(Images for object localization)
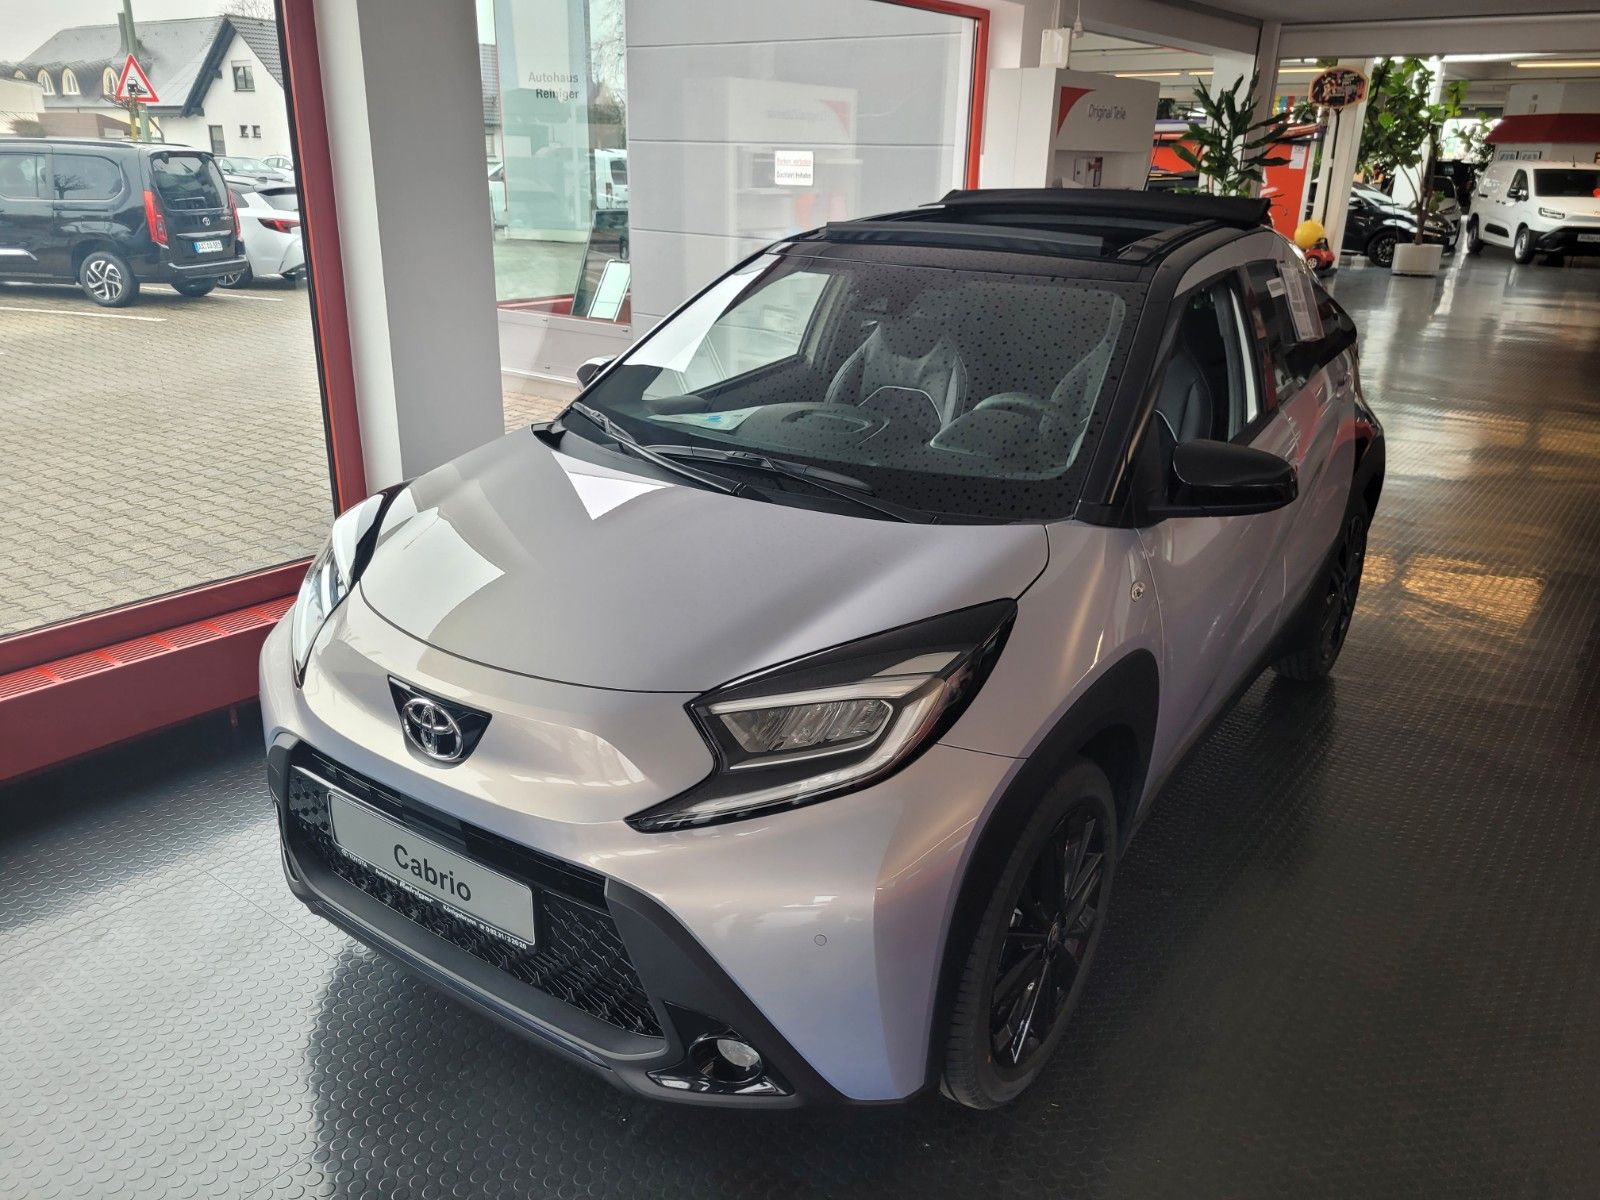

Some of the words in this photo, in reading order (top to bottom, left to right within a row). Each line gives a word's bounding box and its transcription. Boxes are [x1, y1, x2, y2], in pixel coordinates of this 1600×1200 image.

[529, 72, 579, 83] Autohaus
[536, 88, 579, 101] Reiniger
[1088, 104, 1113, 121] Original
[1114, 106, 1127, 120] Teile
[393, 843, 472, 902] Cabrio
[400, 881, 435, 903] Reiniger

• [Task item]: What you return must match the records exactly, apart from the images, which are omitted.

• [Exercise output]:
Some of the words in this photo, in reading order (top to bottom, left to right within a row). Each line gives a word's bounding box and its transcription. Boxes are [x1, y1, x2, y2], in pixel coordinates of this 1600×1200 image.

[529, 72, 579, 83] Autohaus
[536, 88, 579, 101] Reiniger
[1088, 104, 1113, 121] Original
[1114, 106, 1127, 120] Teile
[393, 843, 472, 902] Cabrio
[400, 881, 435, 903] Reiniger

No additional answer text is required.